- [Activity]
While you copy the lines below, skip the pictures and keep the rest exact.

(Stored items)
========
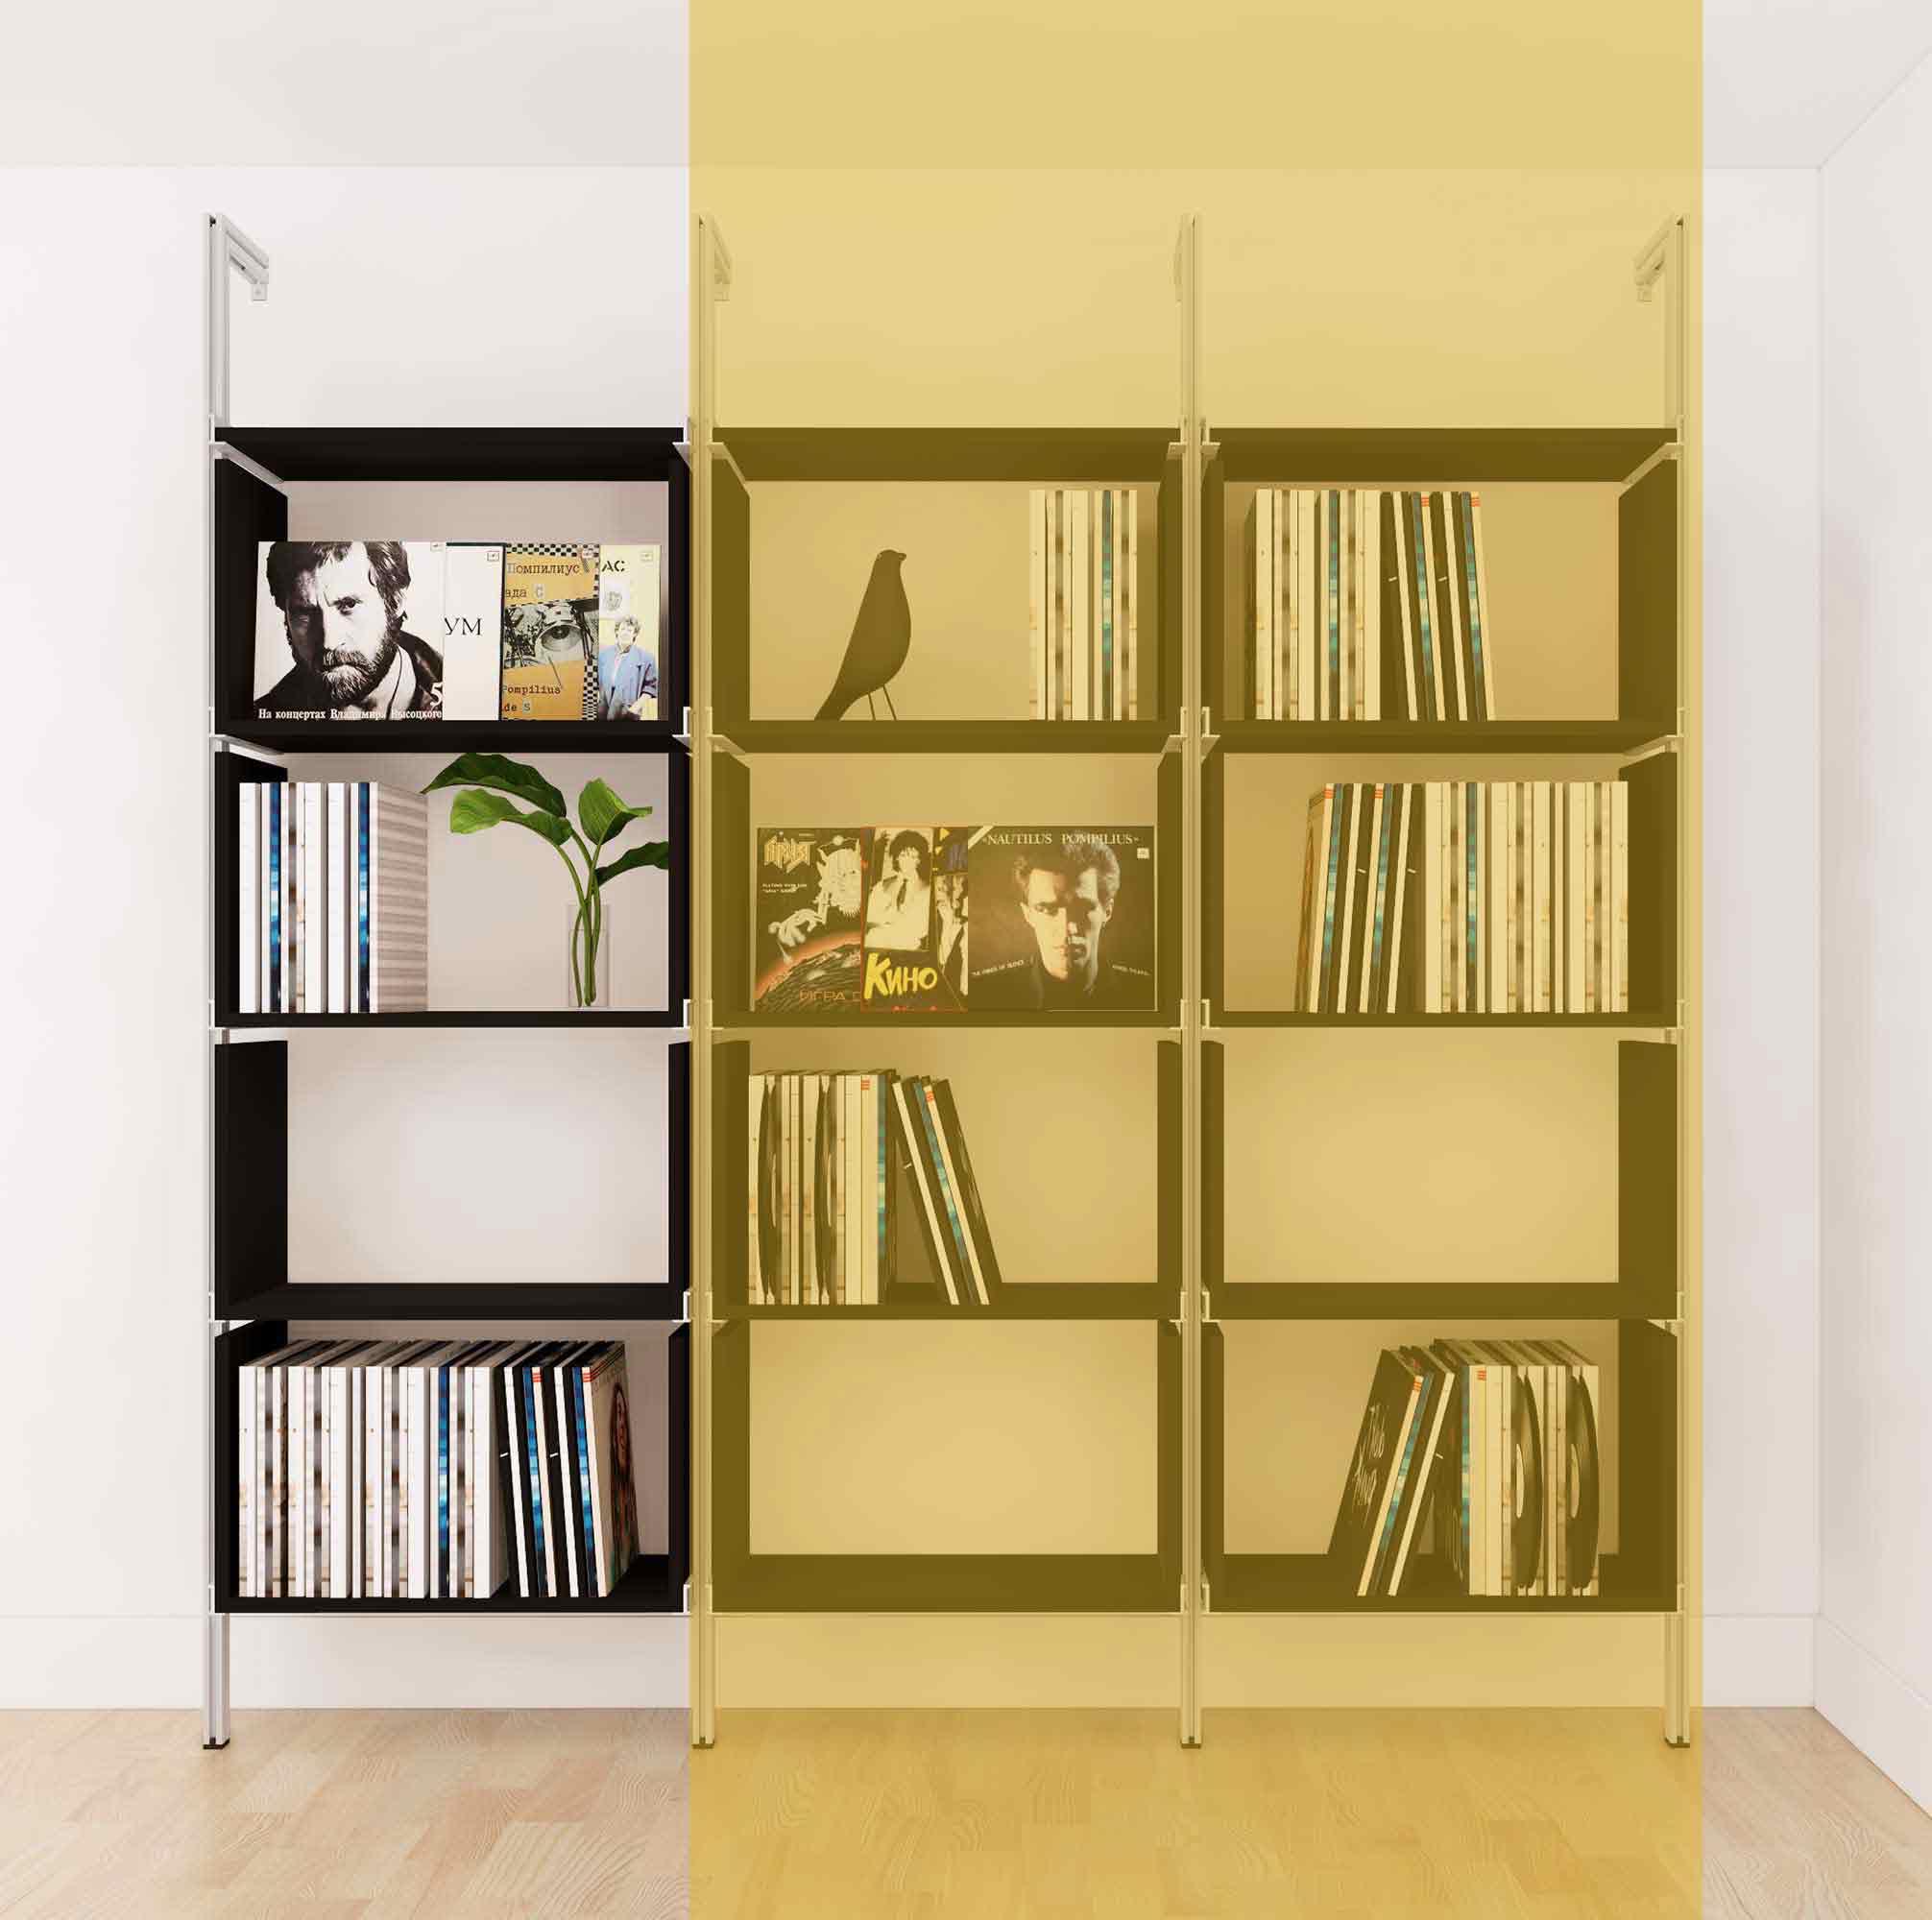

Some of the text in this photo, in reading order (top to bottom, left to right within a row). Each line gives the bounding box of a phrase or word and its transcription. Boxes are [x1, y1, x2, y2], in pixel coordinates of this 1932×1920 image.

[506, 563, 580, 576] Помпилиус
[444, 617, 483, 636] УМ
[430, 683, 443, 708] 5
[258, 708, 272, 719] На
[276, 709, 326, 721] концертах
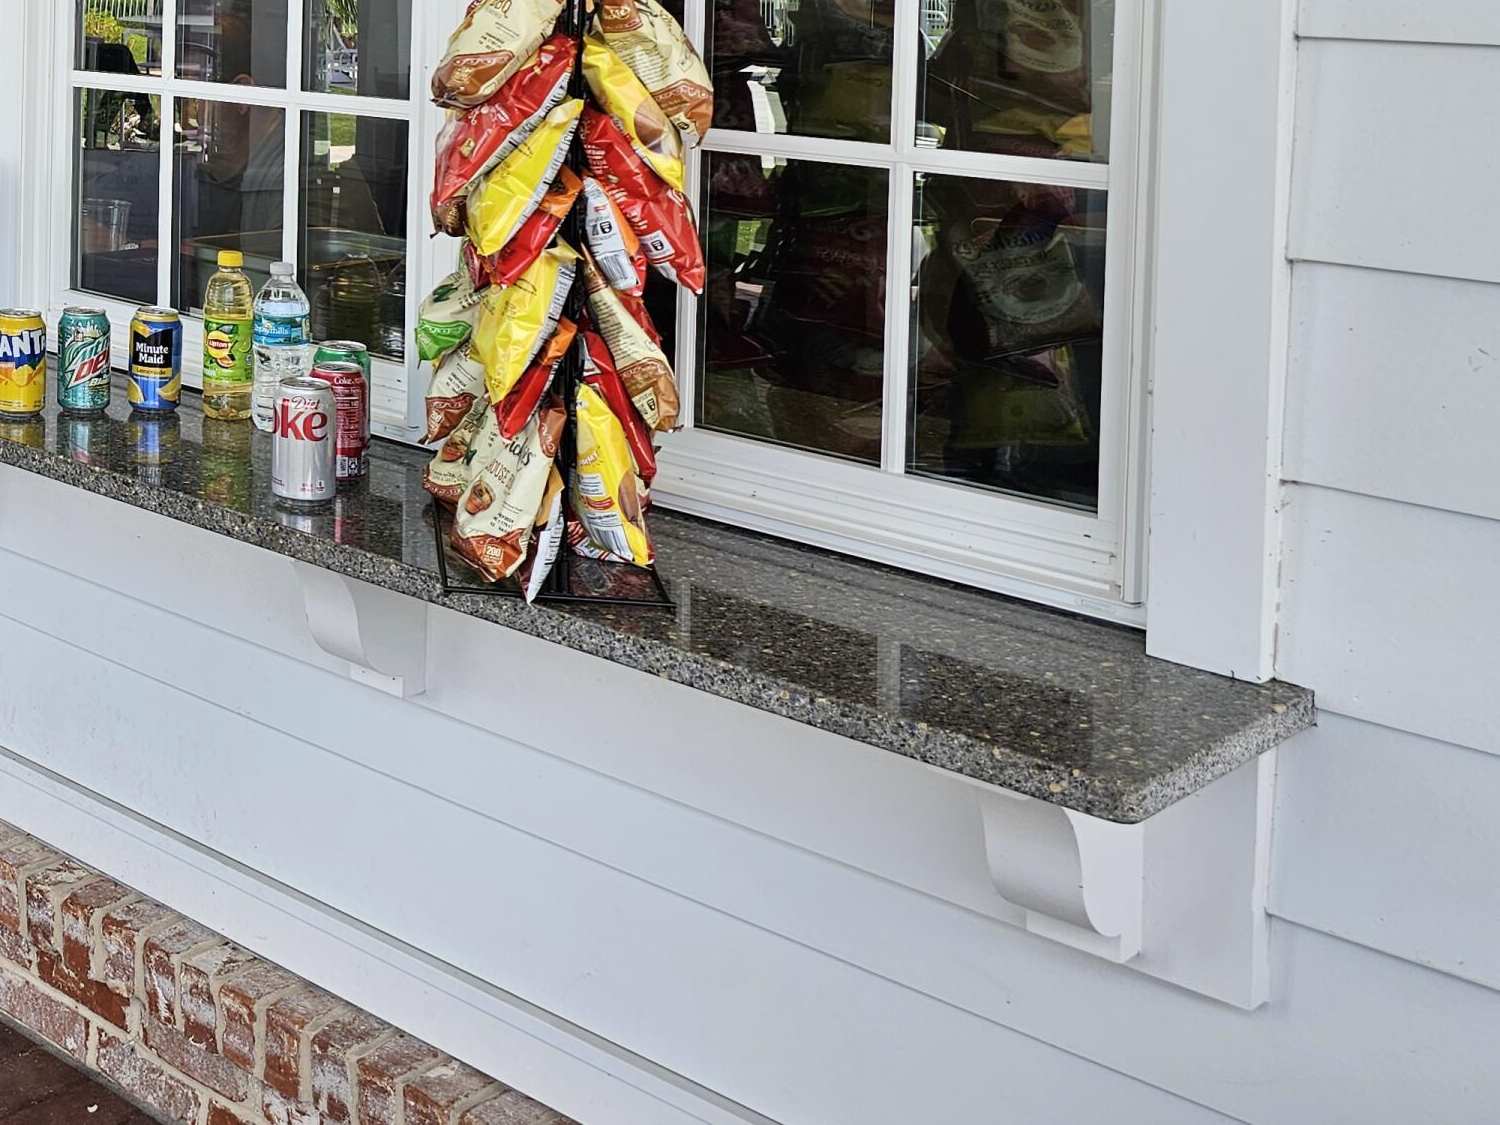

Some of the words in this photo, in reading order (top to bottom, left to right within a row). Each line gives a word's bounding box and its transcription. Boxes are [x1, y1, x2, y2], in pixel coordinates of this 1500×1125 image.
========
- [Exercise response]
Some of the text in this photo, in reading order (top to bottom, left to right within a row). Each line gives the bounding box of a phrase or word and its transcription. Boxes are [x1, y1, x2, y2], in pixel coordinates of this 1932×1920 image.

[506, 563, 580, 576] Помпилиус
[444, 617, 483, 636] УМ
[430, 683, 443, 708] 5
[258, 708, 272, 719] На
[276, 709, 326, 721] концертах

Some of the words in this photo, in reading order (top to bottom, left to right within a row). Each line gives a word's bounding box and its transcription. Boxes are [x1, y1, x2, y2], in pixel coordinates of this 1500×1125 image.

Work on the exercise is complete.